In previous posts, I’ve mentioned relative value units (RVUs) that are used to rate a doctor’s performance in an HMO setting. Dr. John Mandrola, called RVUs “The Corrosive Force in Medicine para q sirve el viagra femenino.” Since doctors are employees hired by health corporations, they have to perform up to a certain monetary standard. RUV monthly performance reports compare them to doctors around the country and a poor report can mean loss of their job. Most doctors owe hundreds of thousands of dollars when they go into practice and they can’t afford to be fired.
Mandrola, a cardiologist, says that doing ablations, catheterizations, stents, or valve replacements earns a lot of RVUs. However, listening to patients, examining patients, counseling patients, hugging patients earns very few RVUs. Doing important research, teaching colleagues, and reading the medical evidence about alternatives to drugs earns zero RVUs.
As I’ve said before, there are no points for being a good doctor who has happy, healthy patients because she/he is recommending nutrients and giving them lifestyle counseling, nutrition counseling, or stress counseling. Unfortunately, RVUs have become the primary unit of success. In fact this type of medicine ensures an abundance of surgeries, screening, and diagnostic procedures because they make money. Mandrola says in order to stay employed you can’t make waves, you must have good templates on your electronic health record so documentation is complete, and you have to do tons of procedures, all which makes you valuable to the corporation.
With one million – yes one million doctors on the loose in the U.S. making at least one mistake a day with their patients, it’s no wonder iatrogenic medicine is a major problem that medicine is also ignoring.
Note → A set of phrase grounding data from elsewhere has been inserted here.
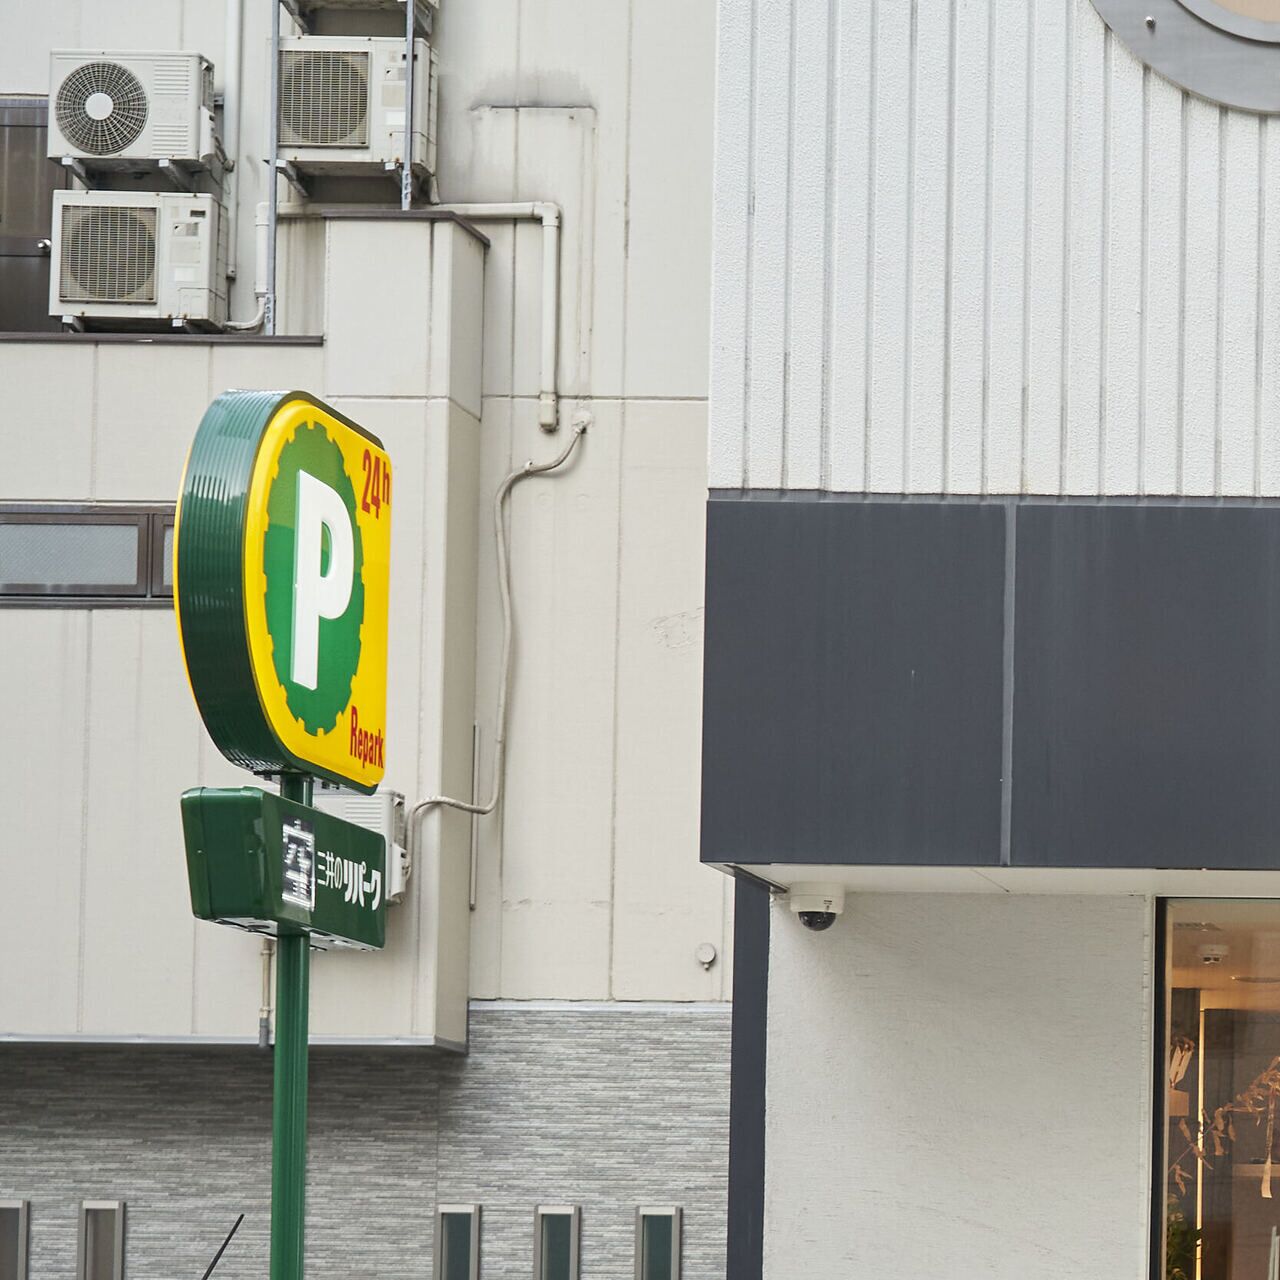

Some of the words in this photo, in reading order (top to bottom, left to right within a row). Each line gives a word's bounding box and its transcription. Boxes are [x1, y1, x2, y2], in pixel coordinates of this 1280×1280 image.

[362, 448, 390, 520] 24h
[291, 469, 354, 691] P
[350, 705, 384, 769] Repark
[317, 851, 381, 911] 三井のリパーク
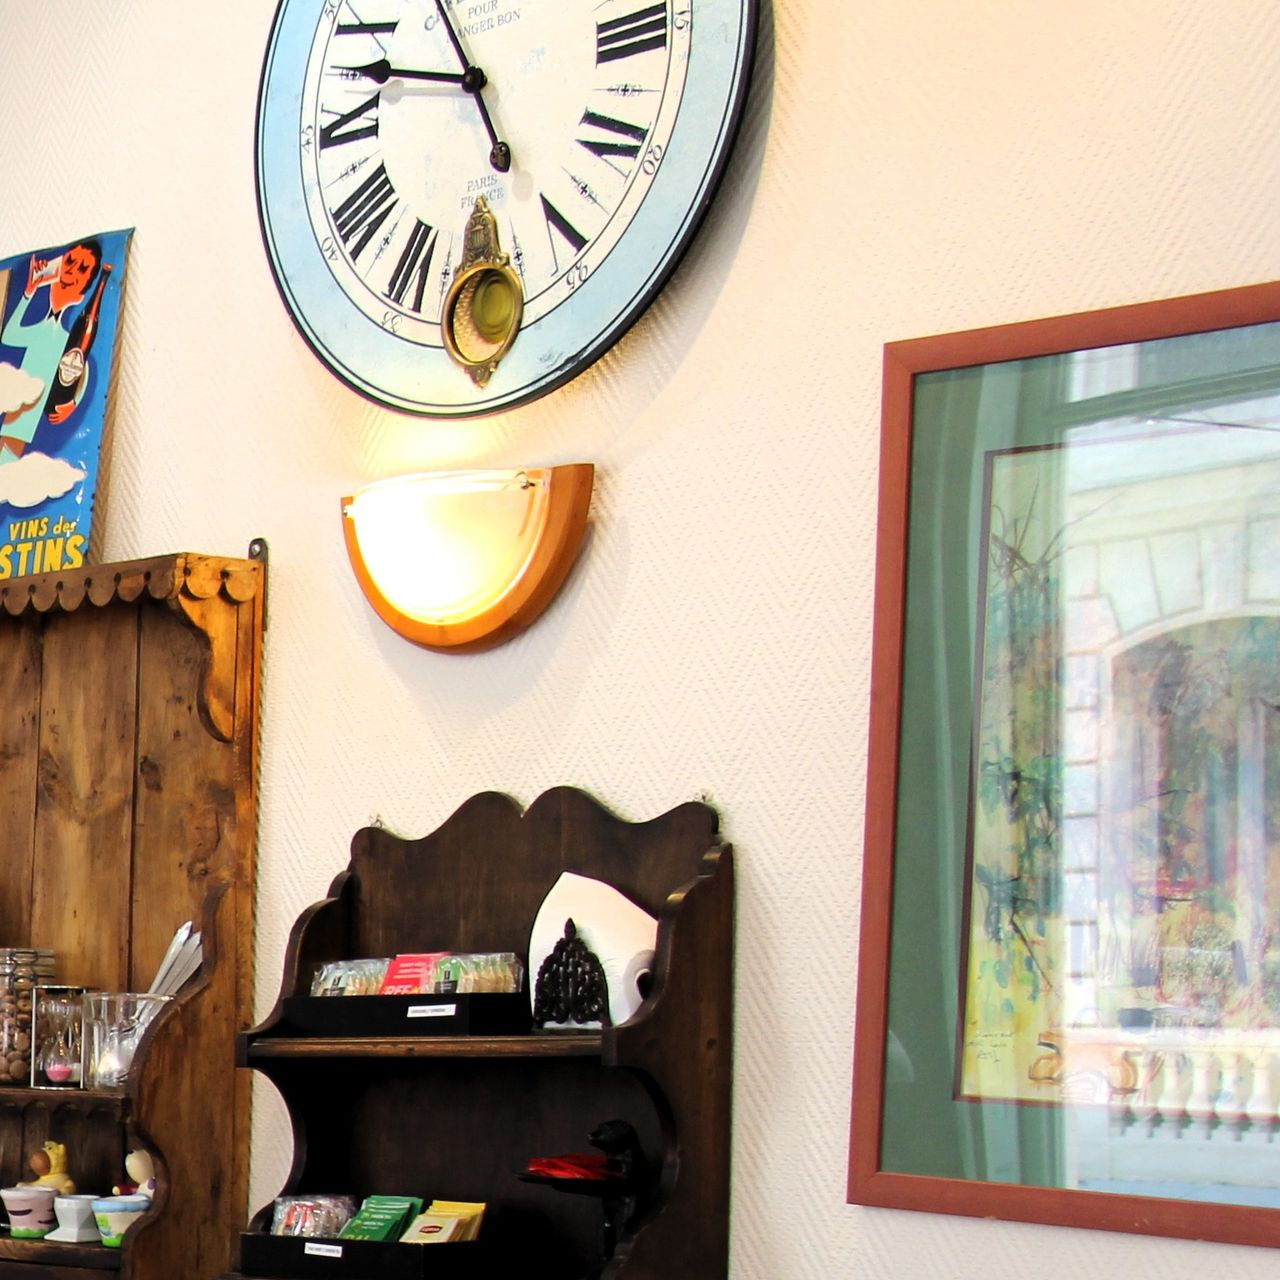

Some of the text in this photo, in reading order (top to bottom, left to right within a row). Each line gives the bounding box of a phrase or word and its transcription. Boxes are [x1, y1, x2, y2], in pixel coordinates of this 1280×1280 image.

[467, 0, 498, 18] POUR
[447, 9, 522, 43] ANGER BON
[301, 125, 314, 154] 45
[642, 143, 663, 176] 20
[466, 174, 499, 192] PARIS
[460, 187, 505, 209] FRNCE
[321, 235, 339, 262] 40
[9, 514, 78, 542] VINS des
Doctors must realize the bind that they are in but Dr. Mandrola also addresses the problem of the inability of doctors to voice their concerns in his Medscape Commentary “Freedom Of Speech Is Also Needed In Health And Medicine srinath fastest delivery for viagra.” Mandrola says that “Most editorialists are clinician scientists who depend on two things: industry funding of research and friendly editorial review in the future.” Therefore they can never be frank, or critical, or even truthful about modern medicine. He suggested that “In the past, doctors might occasionally hear plain speaking at medical meetings, but with the advent of social media and smartphones, candor is suppressed there too.”
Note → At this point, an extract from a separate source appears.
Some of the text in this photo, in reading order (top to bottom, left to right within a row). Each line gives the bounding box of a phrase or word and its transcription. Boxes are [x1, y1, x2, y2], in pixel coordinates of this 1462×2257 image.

On the ground, the doctors who are employed by HMO’s can’t make any waves. “Employment contracts come with strong no-compete clauses and warnings about harming the brand.” If you speak out you can be fired which is what happened to “an esteemed surgeon who spoke out on double-booking in the OR.”
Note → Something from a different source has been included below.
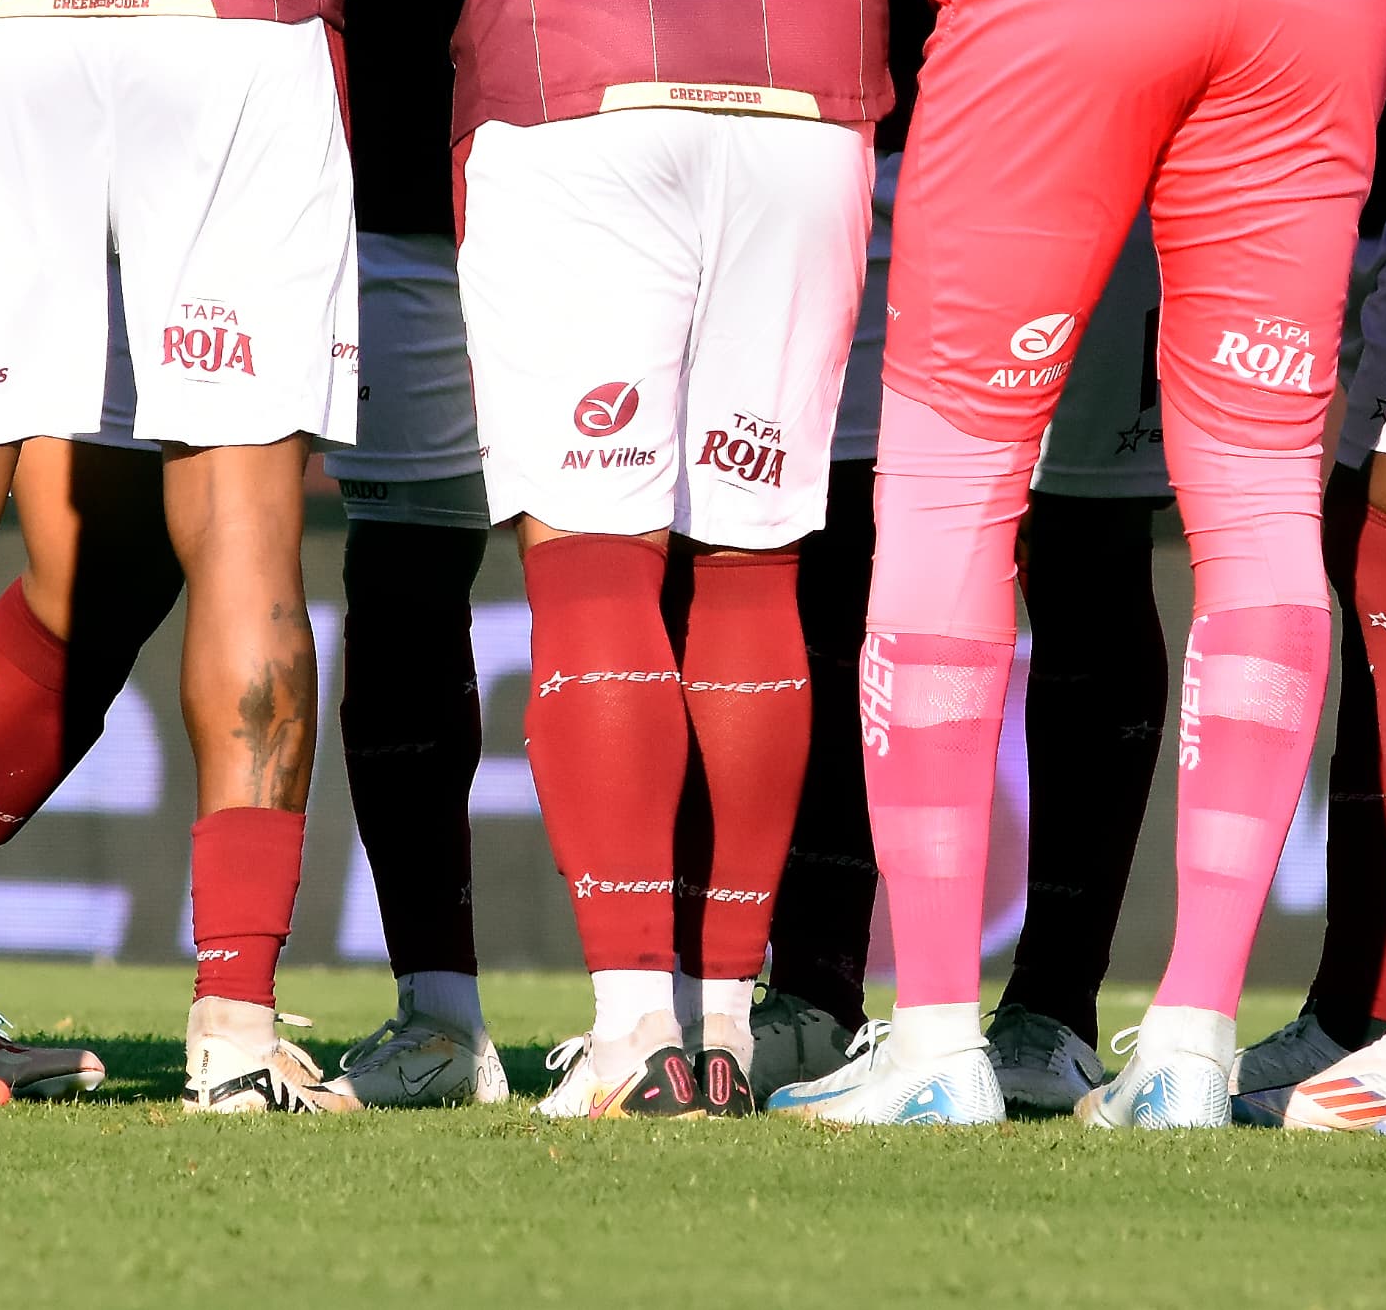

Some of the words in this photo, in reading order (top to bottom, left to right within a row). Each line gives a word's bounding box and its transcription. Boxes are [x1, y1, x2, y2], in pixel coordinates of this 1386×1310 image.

You can join Medscape and read the whole unsavory article yourself. I mention it to remind readers of how hamstrung the medical profession has become. They are in no position to speak out against the drugs and surgery approach to medicine; they will not support alternatives; they will not support therapeutic nutrients; they will allow their patients to suffer drug side effects because they are afraid to speak out. The sheer stupidity of modern medicine is staggering.